Adapted from a 1995 nonfiction book, All The Money In The World is uneven prestige pulp: a kidnapping drama that also fancies itself a study of how money corrupts relationships and short-circuits compassion. Much of the film is devoted to the battle between Getty Sr. and his daughter-in-law, Gail (Michelle Williams), who’s forced to negotiate not just with the men who have taken her son, but also the man who could arrange for his prompt return for only slightly more cash than what he regularly spends on rare artwork. This should be the emotional fulcrum of the movie, this tussle between the desperate, working-class mother and the pathological cheapskate emperor. But there’s not enough volatility in their showdowns, and Williams, speaking in what often sounds like a slightly shaky imitation of Katharine Hepburn’s famed Mid-Atlantic accent, never seems to connect with the full dread of her character’s ordeal. It doesn’t help that she’s playing a lot of her scenes against Mark Wahlberg, miscast as the ex-CIA operative Getty brings in to help frugally secure young John’s release. His character, Fletcher Chase, is supposed to be going through a slow-motion crisis of conscience, but as in too many of his dramatic turns, Wahlberg just sustains an air of vague irritation.
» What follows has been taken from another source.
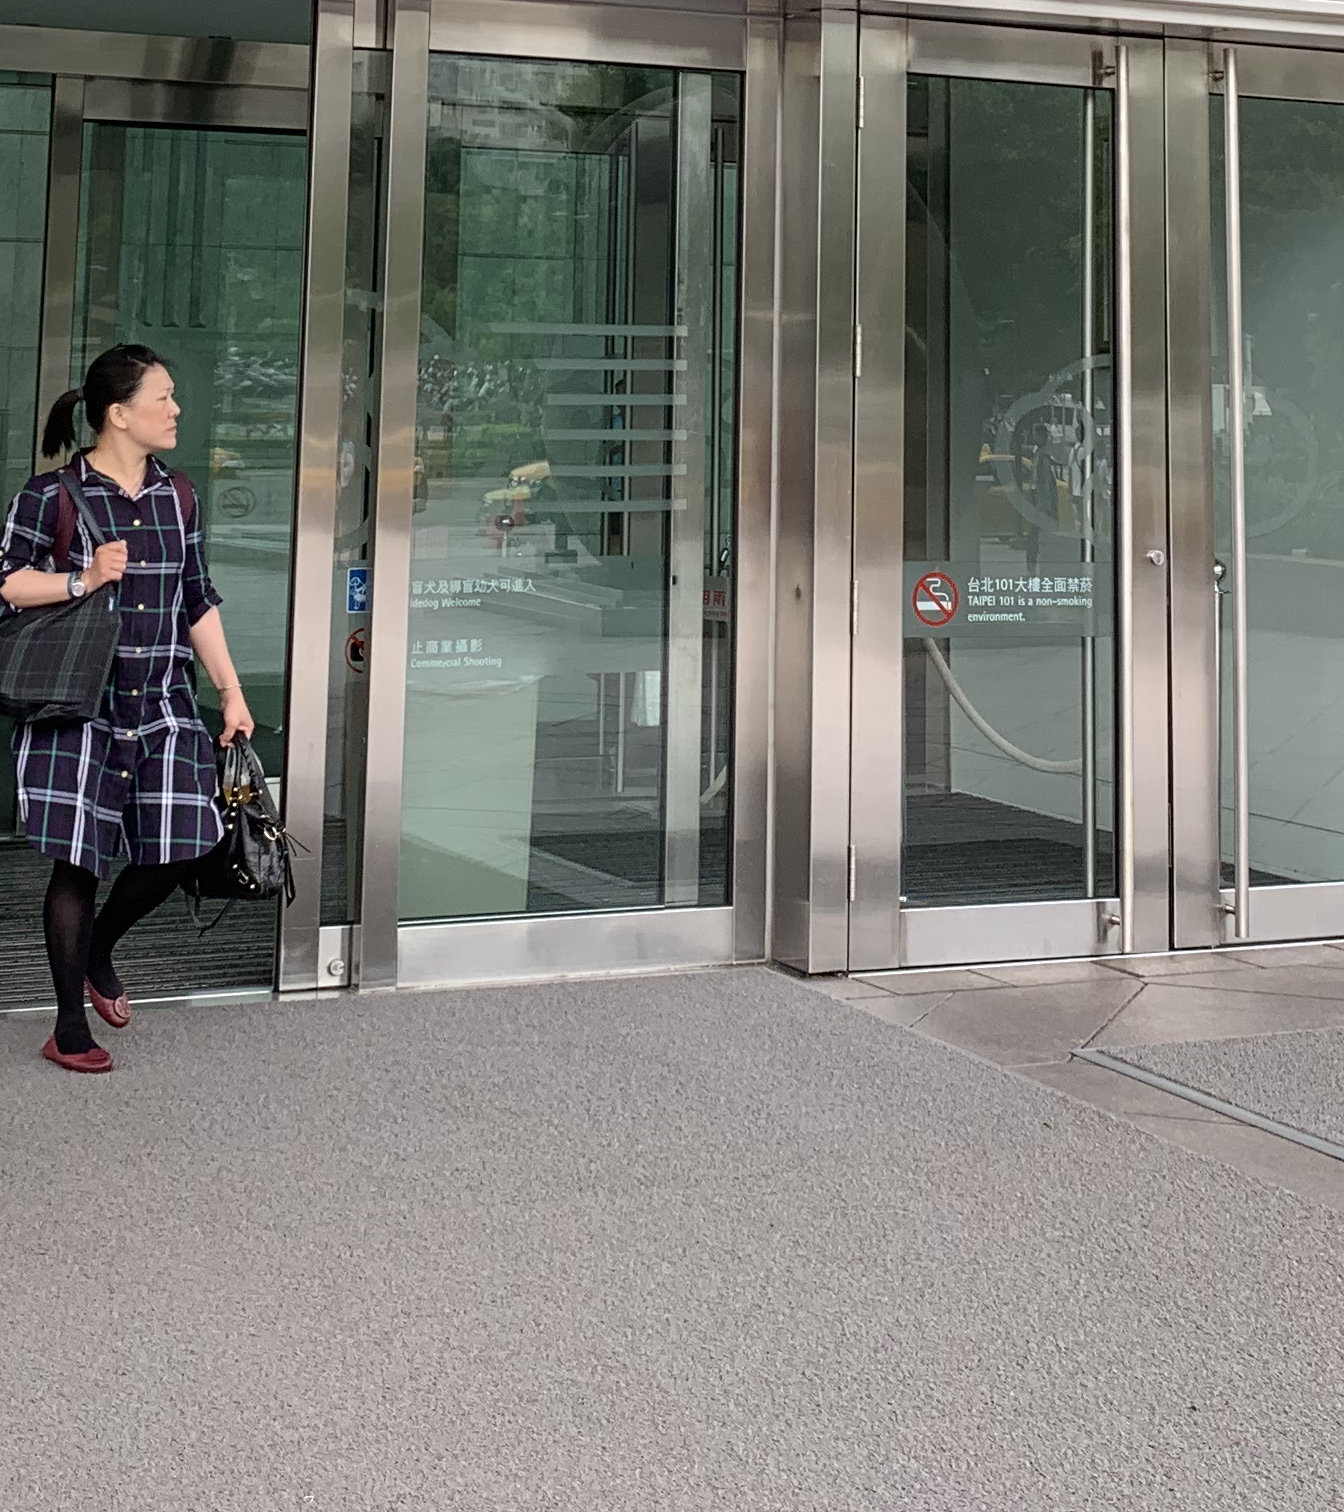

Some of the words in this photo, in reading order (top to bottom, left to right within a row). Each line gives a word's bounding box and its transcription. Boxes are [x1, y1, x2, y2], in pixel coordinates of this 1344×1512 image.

There’s more urgency in the scenes of the teenage John, alone and afraid in captivity, guarded by a petty criminal (Populaire’s Romain Duris) who slowly begins to see his prisoner as more than just a meal ticket. (It’s hardly accidental, the bitter irony that some goon-for-hire seems to care more about the kid than his own grandfather.) Not that this half of the film’s genre equation entirely works, either; the climax, which takes significant dramatic liberties with the true story, is faintly absurd, crosscutting as it does between an invented action set-piece and images of Getty alone in his mighty manor, like Charles Foster Kane. That’s not the only nod to the canon: The opening abduction scene begins as a brief homage to La Dolce Vita, complete with fountains, beautiful women, and the inviting nightlife of Via Veneto. And the 1970s timeframe allows Scott to throw another throwback, jukebox costume party, à la his American Gangster. Can we officially add “Time Of The Season” to the list of off-limits, played-out period establishers?

It takes a lot of control, talent, and experience to accomplish a last-minute retool like the one that got All The Money In The World into the world. But the truth is that Scott, who hasn’t made a truly great movie since the one-two punch of Alien and Blade Runner, can be proficient to a fault. His reliable, workmanlike approach—the professionalism that allows him to cut and paste actors out of a finished film and still make his deadline—doesn’t always suit messier material. To that end, some of the best moments in this version-2.0 thriller are the ones that traipse out of careful craftsmanship and into something wilder. There’s a scene, for example, that’s grotesque enough to have appeared in this year’s other Ridley Scott movie. Let’s just say Kevin Spacey isn’t All The Money In The World’s only excision.